The microRNA let-7a plays a pivotal role in tumor suppression by regulating RAS and other oncogenes. However, due to its extremely low abundance in individual cells, quantitative analysis of let-7a at the single-cell level remains challenging. In this study, we developed an electrophoresis-assisted intracellular catalytic hairpin assembly branched hybridization chain reaction-MNAzyme tandem signal amplification strategy. By integrating multimodal cascade signal amplification with microchip electrophoresis separation and laser-induced fluorescence detection, we achieved a detection limit of 8 × 10-16 M, which is sufficient for single-cell quantification of let-7a.
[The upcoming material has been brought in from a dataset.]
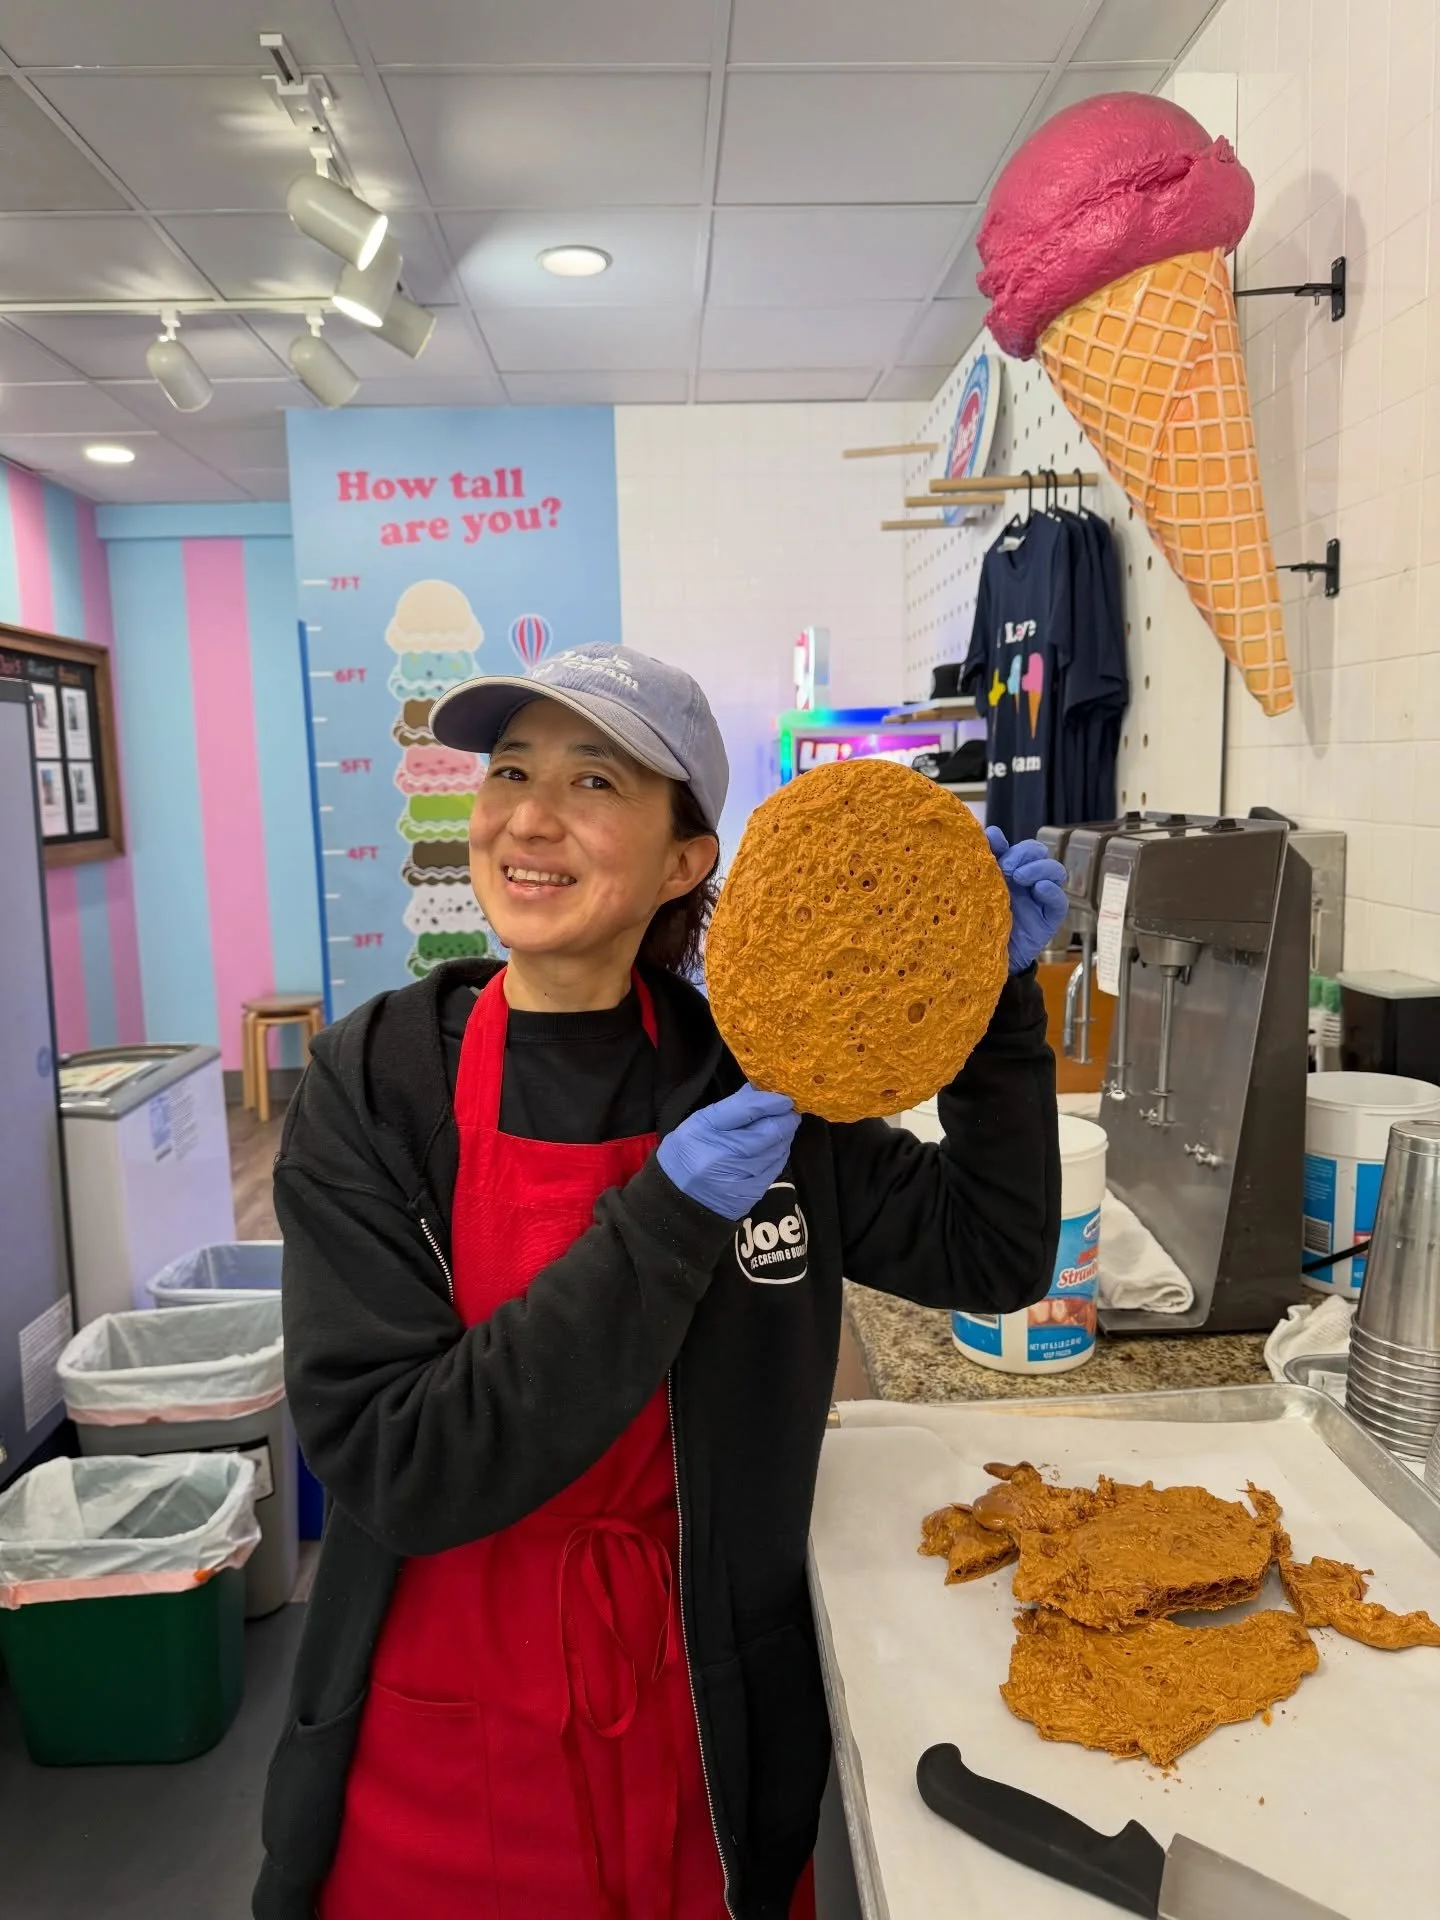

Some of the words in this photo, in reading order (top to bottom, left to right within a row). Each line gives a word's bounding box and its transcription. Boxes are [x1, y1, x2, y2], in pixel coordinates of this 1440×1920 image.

The levels of let-7a in cell lysates and in 20 individual cells from three cell lines were quantitatively analyzed with this method on a microfluidic chip electrophoresis platform. The results revealed marked differences in let-7a expression not only among distinct cell types but also between individual cells of the same type. The average copy numbers of let-7a per cell were determined to be 3258 in HL-7702 cells, and 1408 and 200 in MCF-7 and A549 cancer cells, respectively, underscoring the characteristic low expression of let-7a in various tumor cells, likely associated with its tumor-suppressive function. This method provides a powerful tool for single-cell biological studies of let-7a.